[[ Provided material open ]]
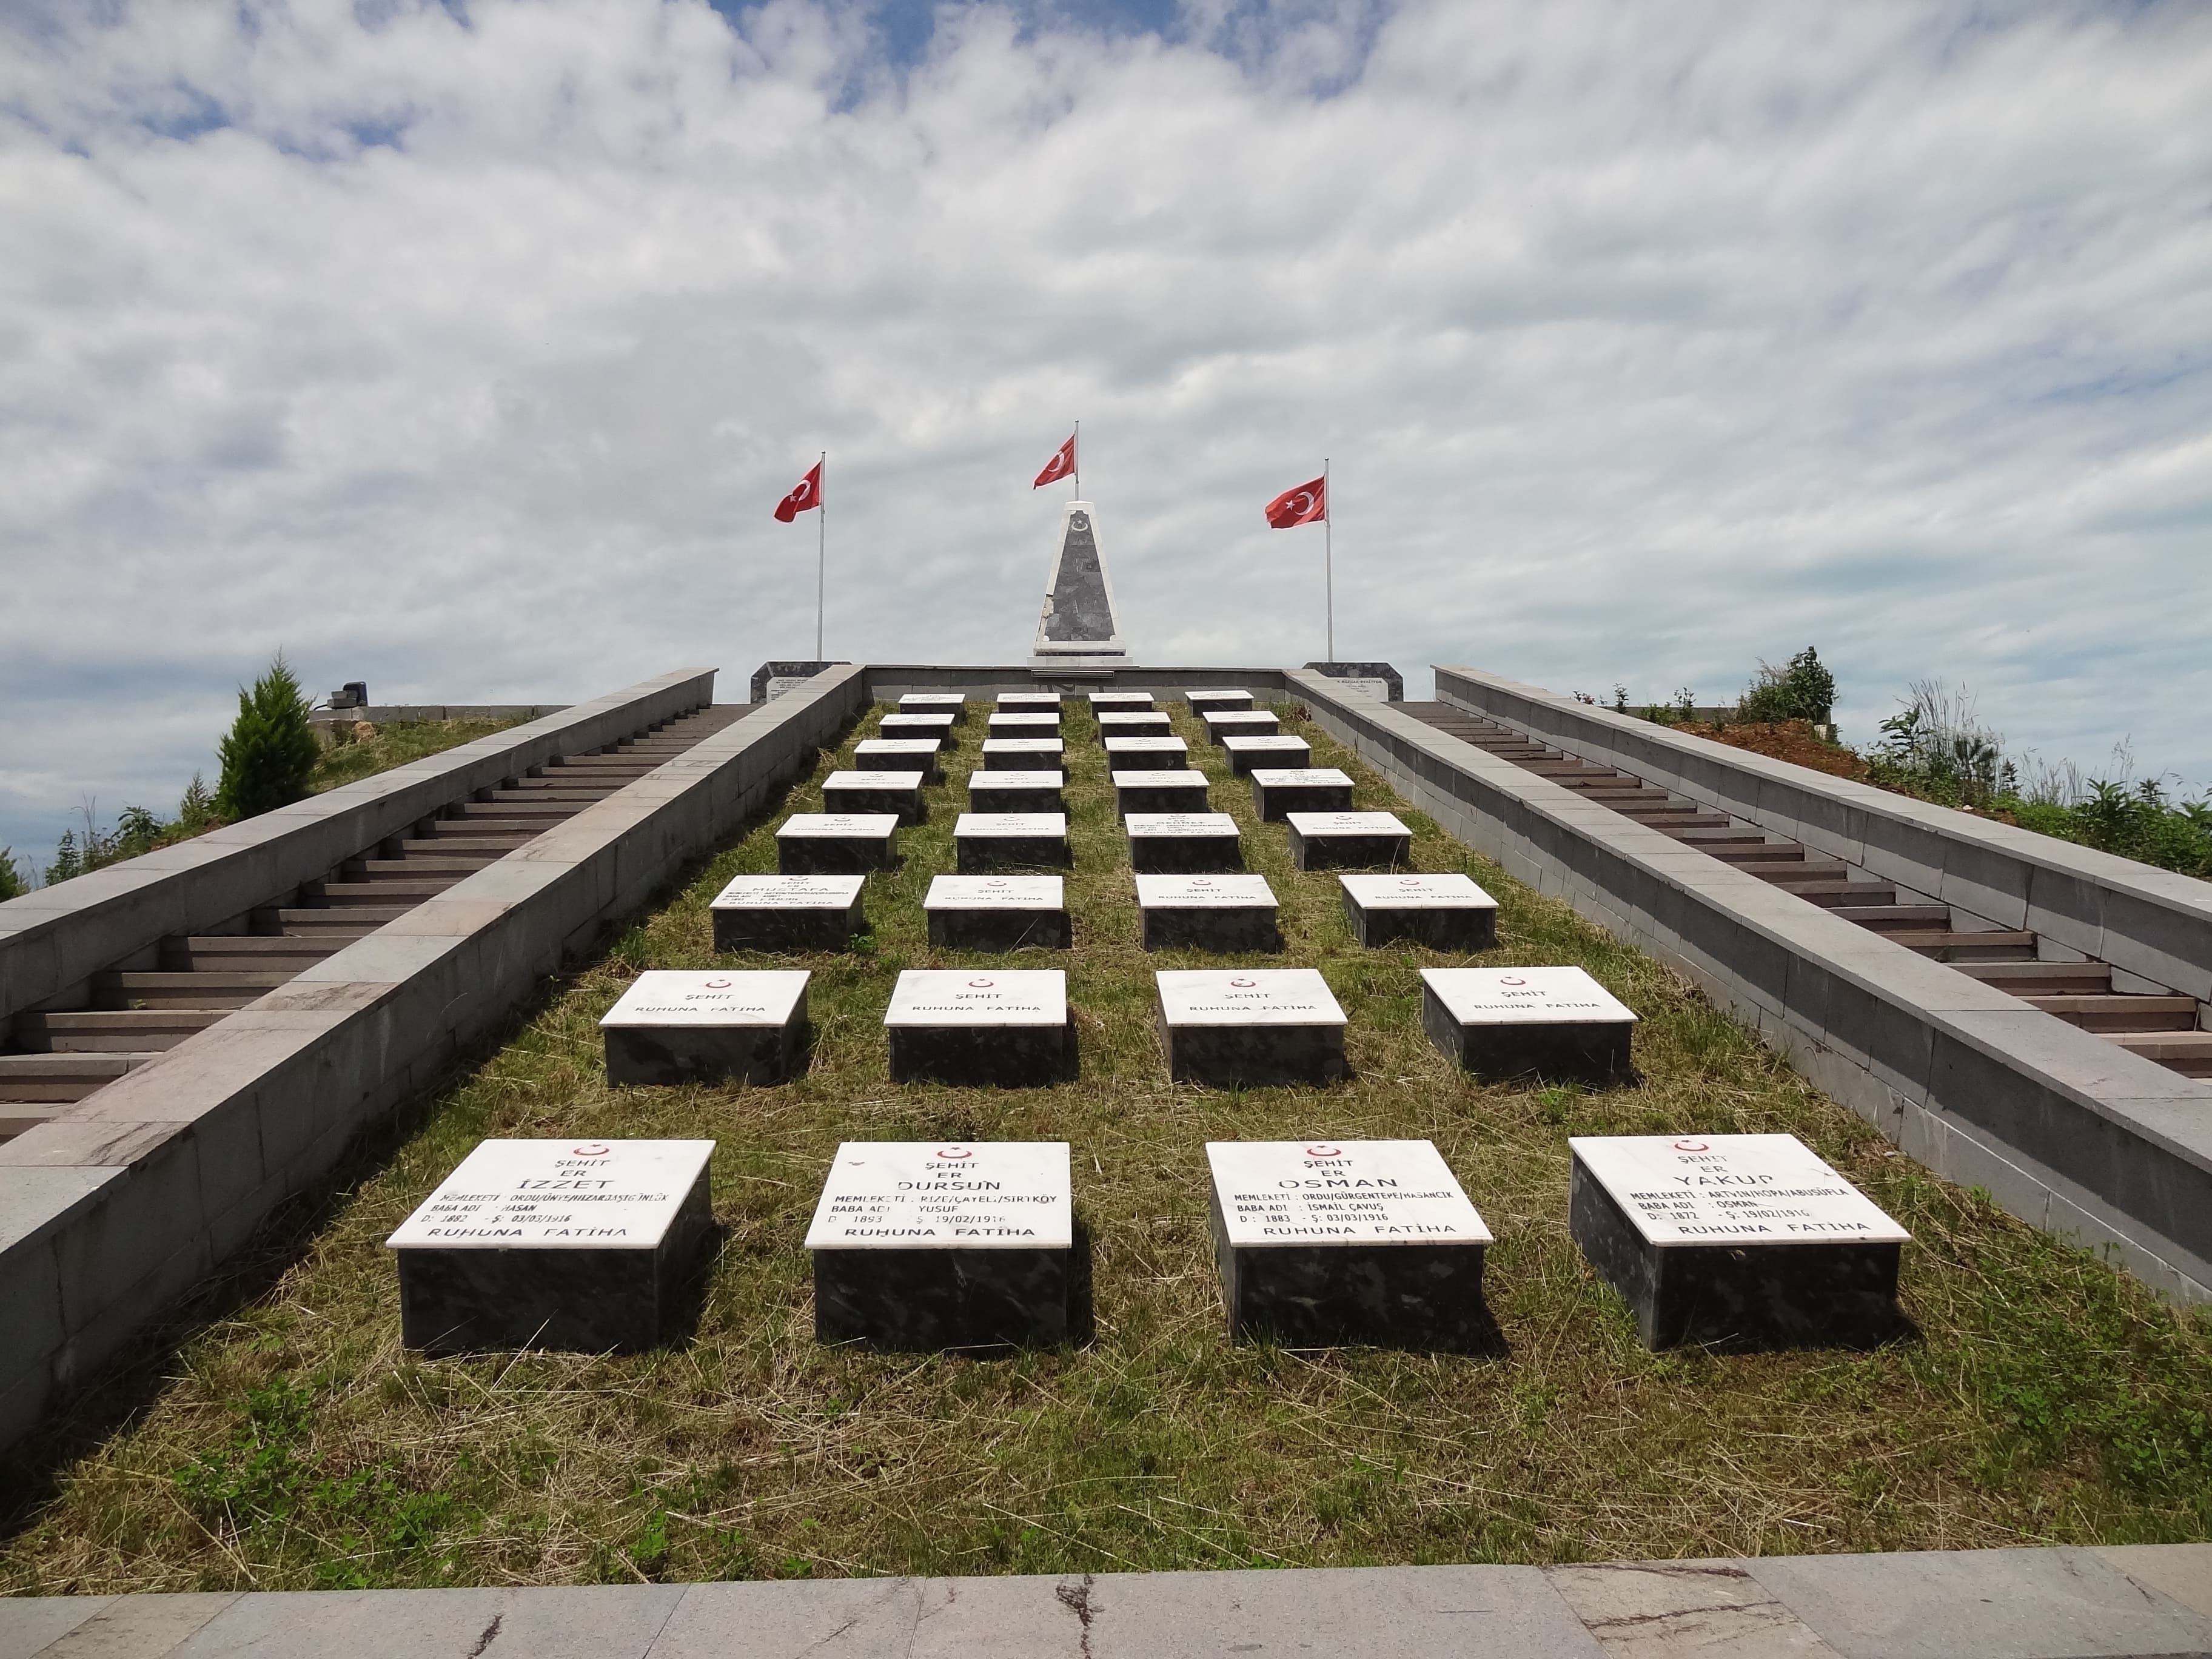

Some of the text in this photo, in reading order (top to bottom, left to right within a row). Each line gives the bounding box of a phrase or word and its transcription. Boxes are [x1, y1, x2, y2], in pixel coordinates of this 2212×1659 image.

[555, 1159, 611, 1168] ŞEHİT
[926, 1161, 980, 1170] ŞEHİT
[1304, 1159, 1354, 1168] ŞEHİT
[517, 1179, 615, 1188] İZZET
[1279, 1179, 1398, 1188] OSMAN
[1674, 1175, 1774, 1185] YAKUP
[899, 1181, 1000, 1190] DURSUN
[1235, 1193, 1291, 1201] MEMLEKETİ
[1631, 1190, 1697, 1199] MEMLEKETİ
[1308, 1202, 1346, 1211] İSMAİL
[1350, 1203, 1384, 1212] ÇAVUŞ
[1327, 1213, 1389, 1222] 03/03/1916
[428, 1227, 626, 1238] RUHUNA FATİHA
[956, 1227, 1036, 1236] FATİHA
[1375, 1224, 1457, 1233] FATİHA
[1678, 1222, 1872, 1234] RUHUNA FATİHA
[[ Provided material closed ]]
▸ **Aim of the task**
The result should be a word-for-word restatement of all the data, without images.

▸ **Solved exercise**
Some of the text in this photo, in reading order (top to bottom, left to right within a row). Each line gives the bounding box of a phrase or word and its transcription. Boxes are [x1, y1, x2, y2], in pixel coordinates of this 2212×1659 image.

[555, 1159, 611, 1168] ŞEHİT
[926, 1161, 980, 1170] ŞEHİT
[1304, 1159, 1354, 1168] ŞEHİT
[517, 1179, 615, 1188] İZZET
[1279, 1179, 1398, 1188] OSMAN
[1674, 1175, 1774, 1185] YAKUP
[899, 1181, 1000, 1190] DURSUN
[1235, 1193, 1291, 1201] MEMLEKETİ
[1631, 1190, 1697, 1199] MEMLEKETİ
[1308, 1202, 1346, 1211] İSMAİL
[1350, 1203, 1384, 1212] ÇAVUŞ
[1327, 1213, 1389, 1222] 03/03/1916
[428, 1227, 626, 1238] RUHUNA FATİHA
[956, 1227, 1036, 1236] FATİHA
[1375, 1224, 1457, 1233] FATİHA
[1678, 1222, 1872, 1234] RUHUNA FATİHA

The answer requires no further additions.